◆ **TASK ITEM**
Exactly transcribe the span of lines from the one containing "this 1125×1500 image." through the final line of the entries, inclusive, and nothing outside it. Exclude the pictures.
(DATASET RECORDS Opens)
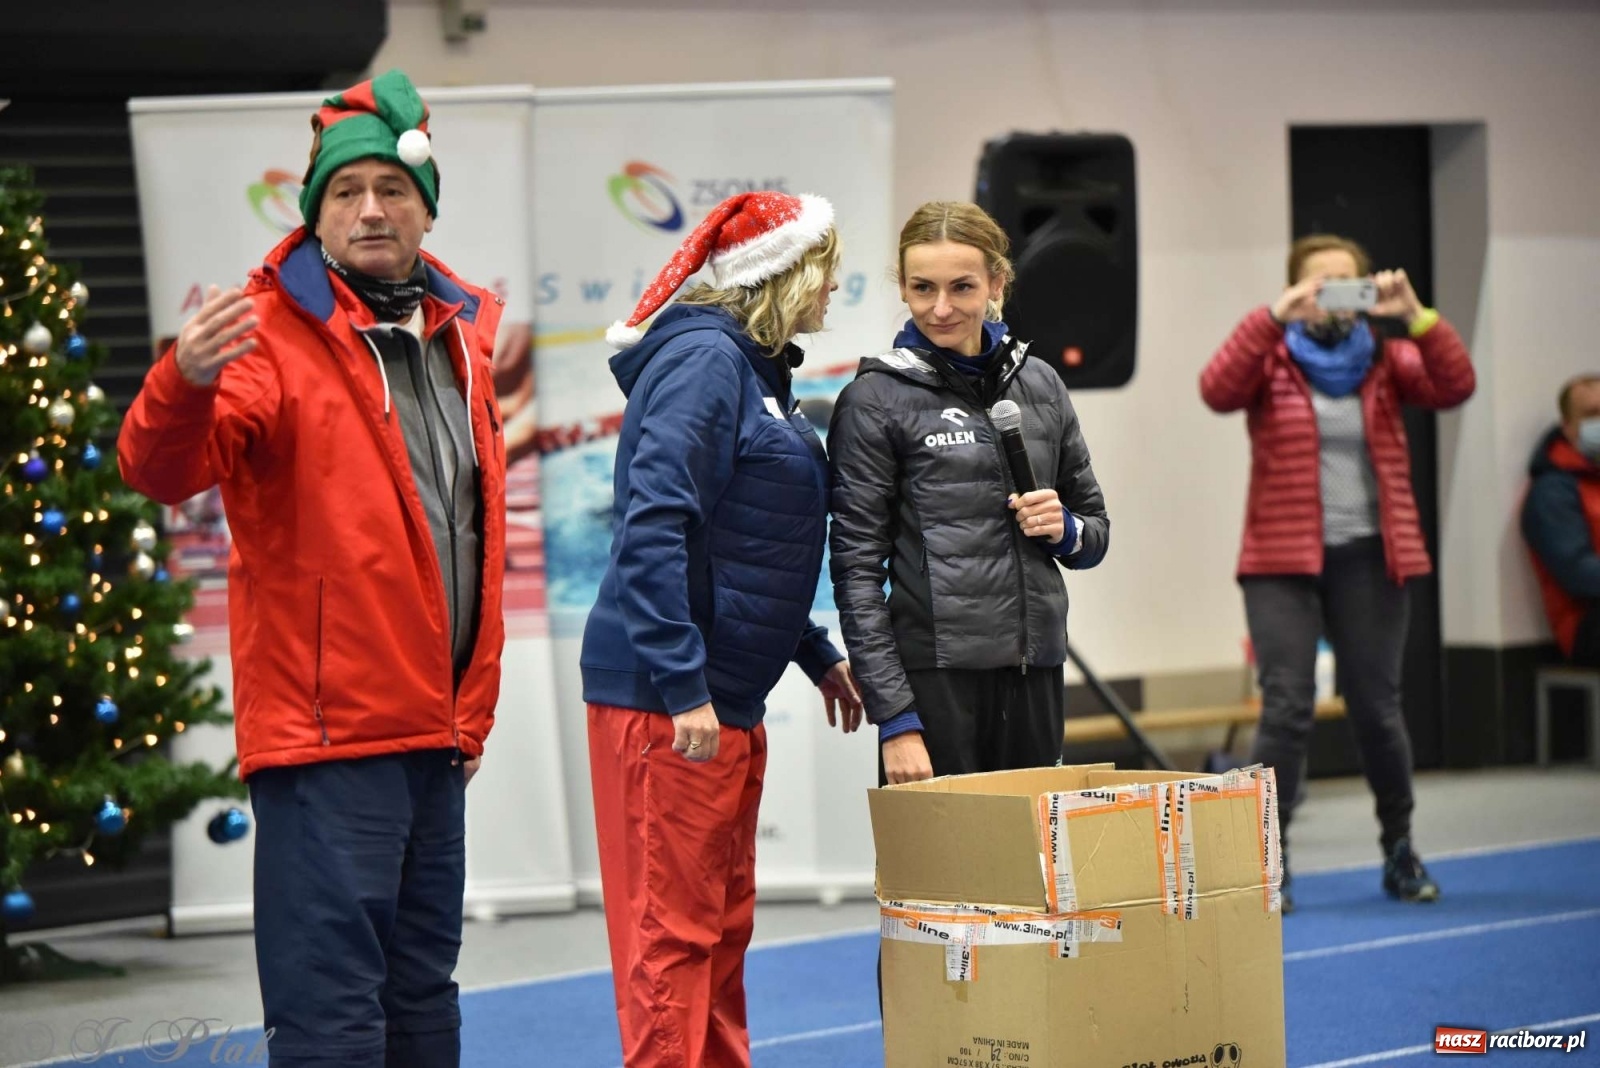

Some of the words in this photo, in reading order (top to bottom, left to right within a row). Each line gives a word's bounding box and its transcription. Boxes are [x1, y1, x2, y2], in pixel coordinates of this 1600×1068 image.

[924, 430, 976, 447] ORLEN
[993, 919, 1068, 940] www.3line.pl
[972, 1036, 996, 1047] CHINA
[996, 1039, 1005, 1048] IN
[1006, 1040, 1030, 1050] MADE
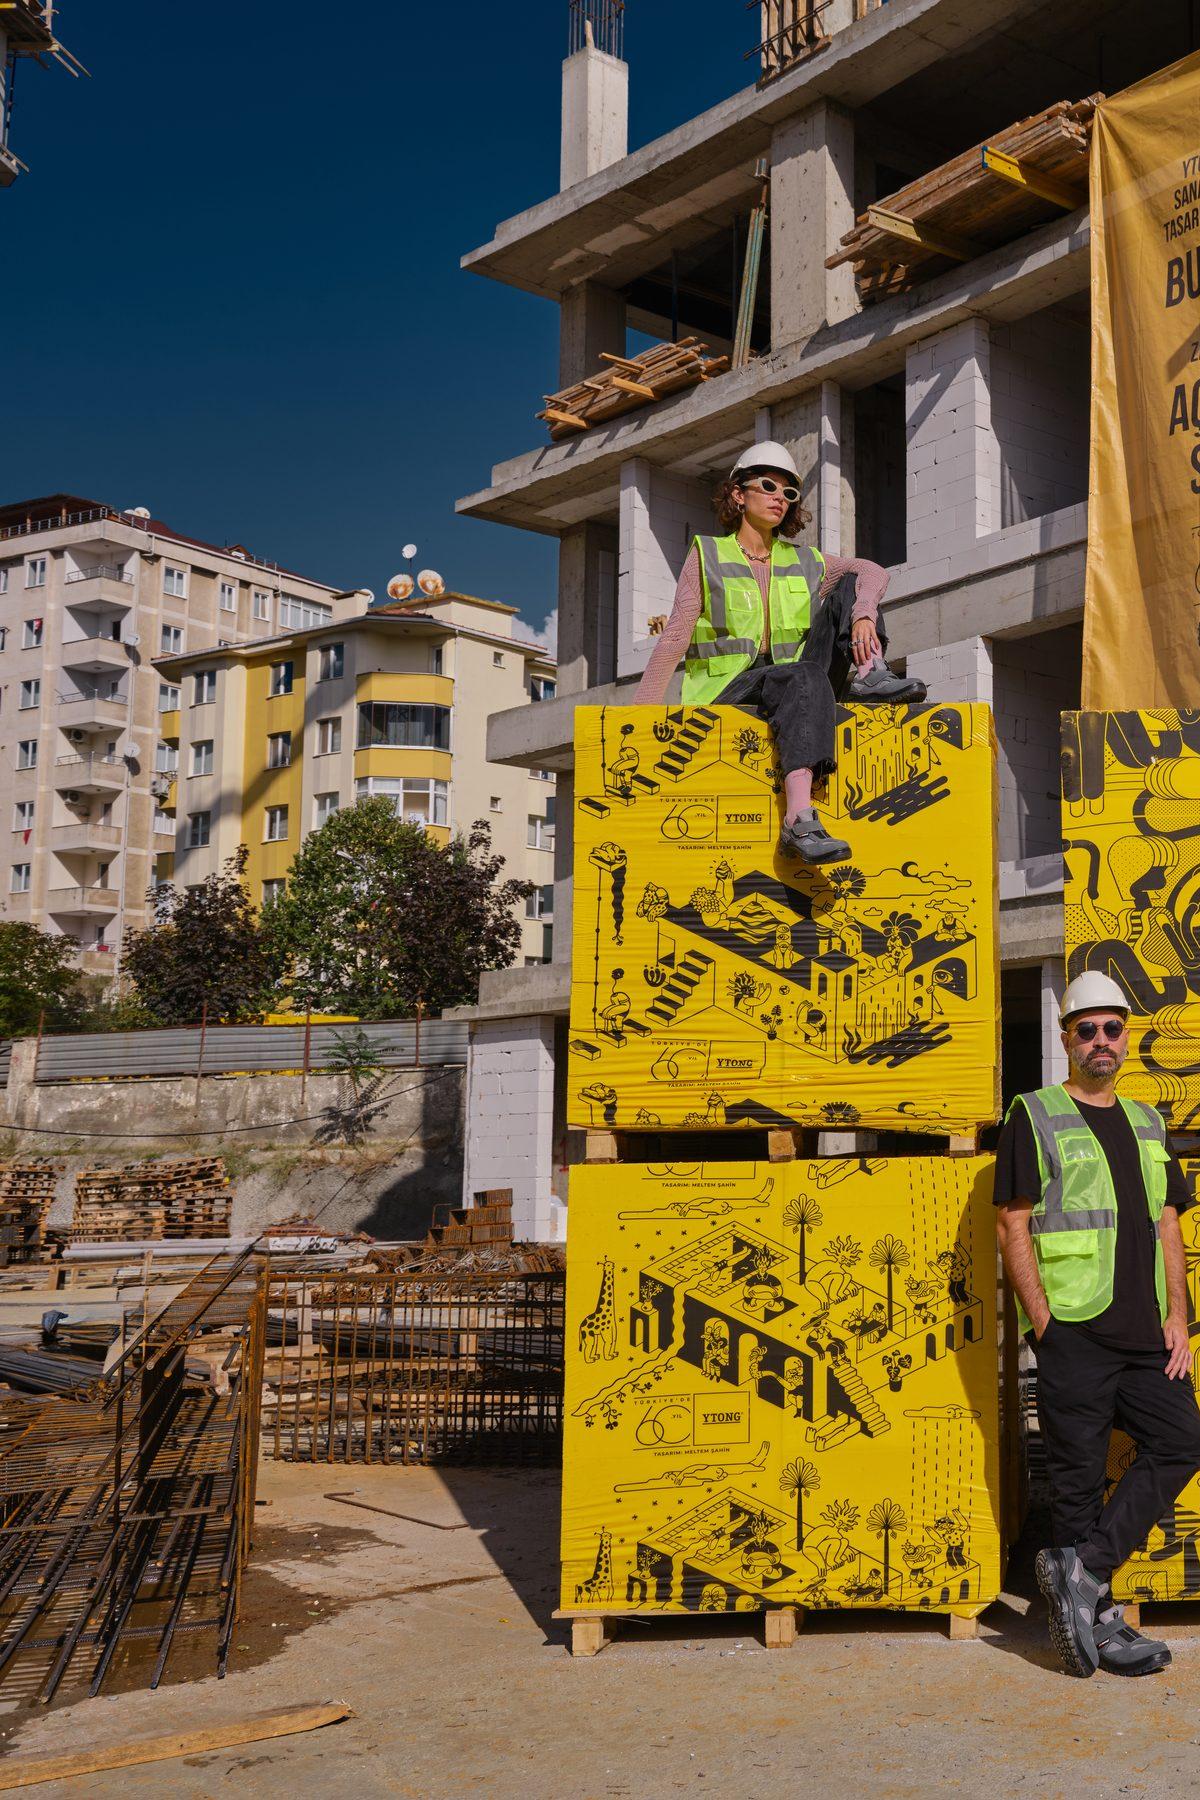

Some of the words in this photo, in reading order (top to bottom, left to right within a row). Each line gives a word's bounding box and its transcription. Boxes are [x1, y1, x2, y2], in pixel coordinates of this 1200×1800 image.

[725, 813, 763, 822] YTONG
[717, 1058, 753, 1067] YTONG
[702, 1412, 741, 1422] YTONG
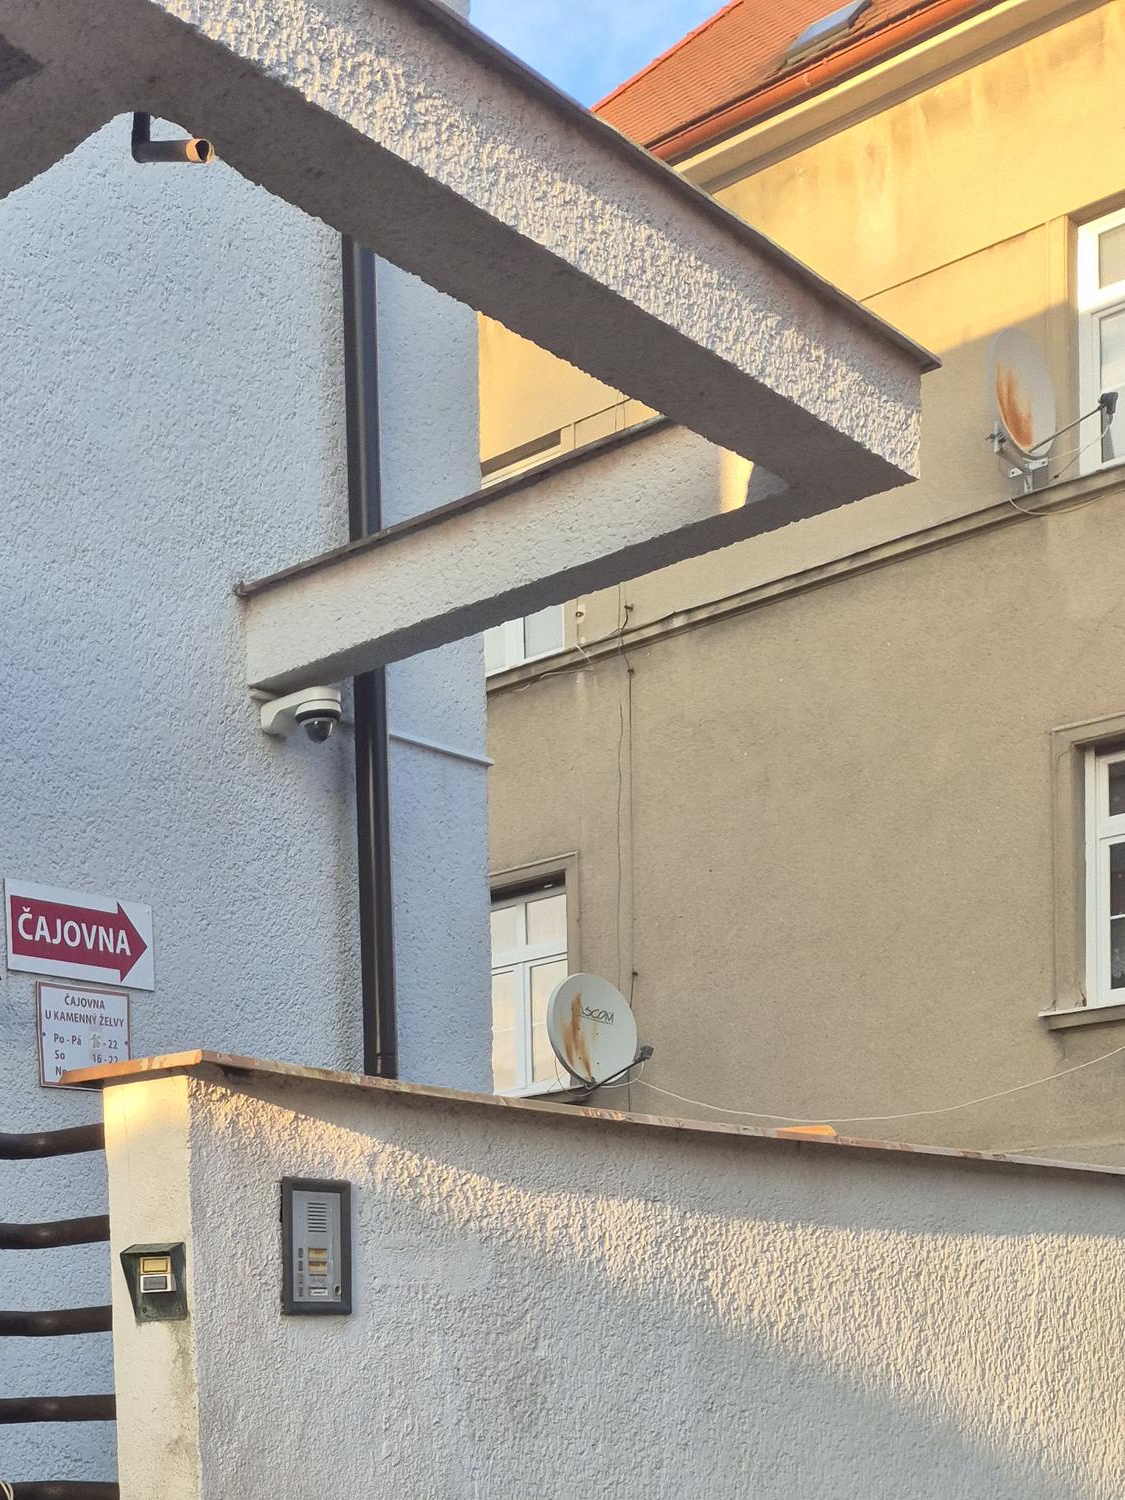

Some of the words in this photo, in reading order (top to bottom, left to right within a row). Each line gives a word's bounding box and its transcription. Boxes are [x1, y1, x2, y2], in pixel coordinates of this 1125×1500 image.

[17, 906, 132, 956] ČAJOVNA
[64, 993, 106, 1010] ČAJOVNA
[45, 1009, 52, 1020] U
[53, 1010, 97, 1025] KAMENNÝ
[99, 1013, 125, 1028] ŽELVY
[53, 1033, 65, 1044] Po
[71, 1035, 82, 1046] Pá
[108, 1039, 118, 1049] 22
[55, 1050, 66, 1060] So
[92, 1054, 102, 1064] 16
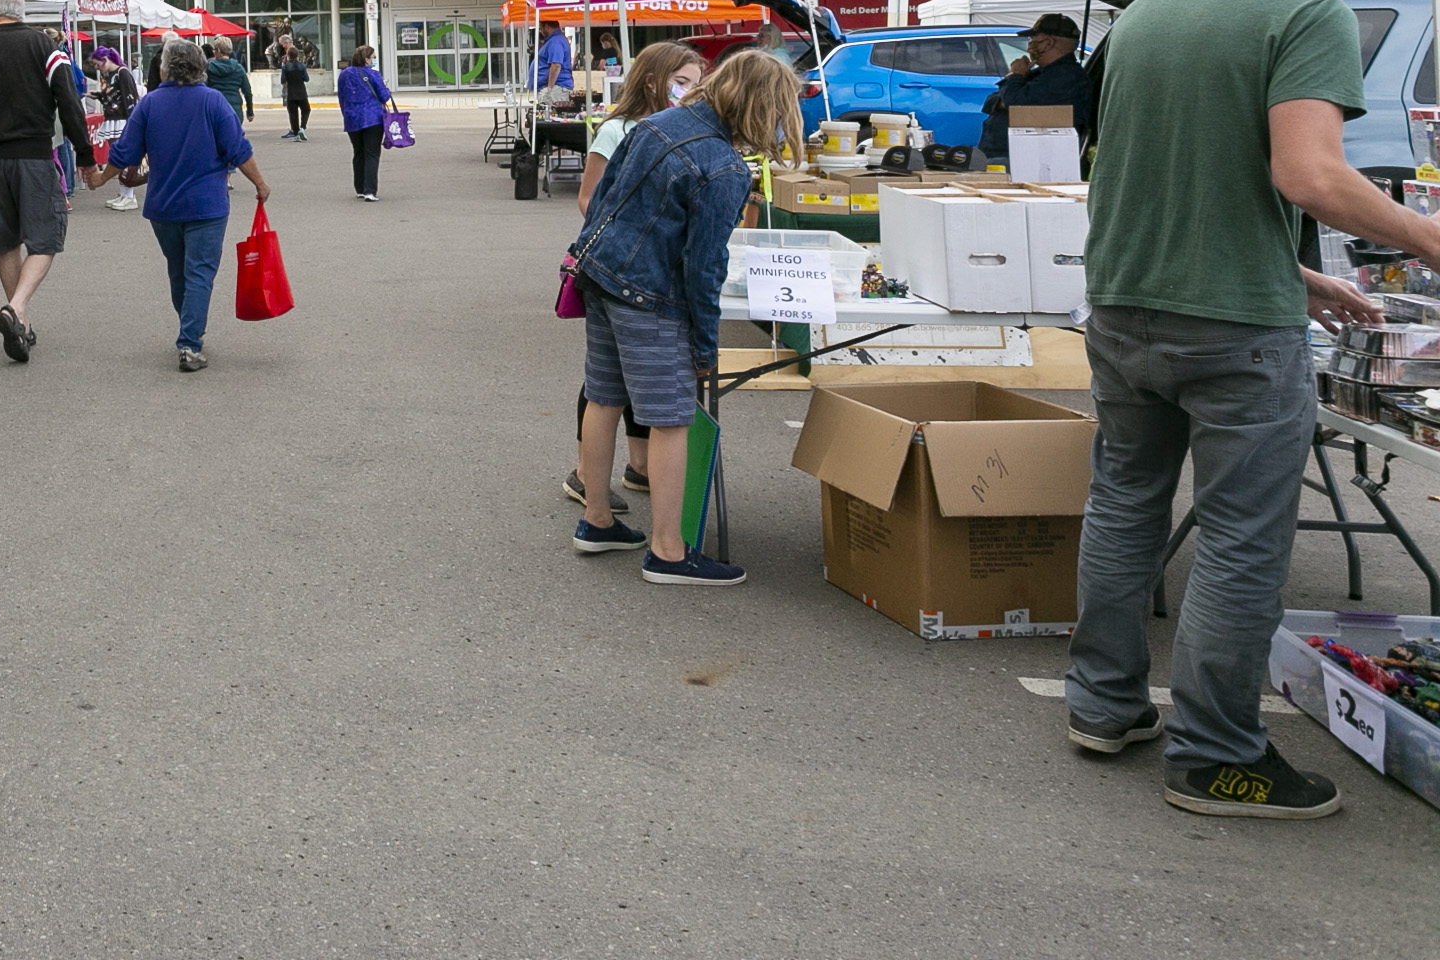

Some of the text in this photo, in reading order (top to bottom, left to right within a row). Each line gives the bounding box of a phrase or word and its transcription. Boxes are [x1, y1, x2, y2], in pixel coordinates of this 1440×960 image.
(DATASET RECORDS Closes)
◆ **RESPONSE TO THIS EXERCISE**
Some of the words in this photo, in reading order (top to bottom, left to right within a row). Each line gives a word's bounding box and its transcription. Boxes are [x1, y1, x2, y2], in pixel coordinates of this 1125×1500 image.

[17, 906, 132, 956] ČAJOVNA
[64, 993, 106, 1010] ČAJOVNA
[45, 1009, 52, 1020] U
[53, 1010, 97, 1025] KAMENNÝ
[99, 1013, 125, 1028] ŽELVY
[53, 1033, 65, 1044] Po
[71, 1035, 82, 1046] Pá
[108, 1039, 118, 1049] 22
[55, 1050, 66, 1060] So
[92, 1054, 102, 1064] 16

Some of the text in this photo, in reading order (top to bottom, left to right within a row). Each line gives the bounding box of a phrase or word and its transcription. Boxes are [x1, y1, x2, y2], in pixel coordinates of this 1440×960 image.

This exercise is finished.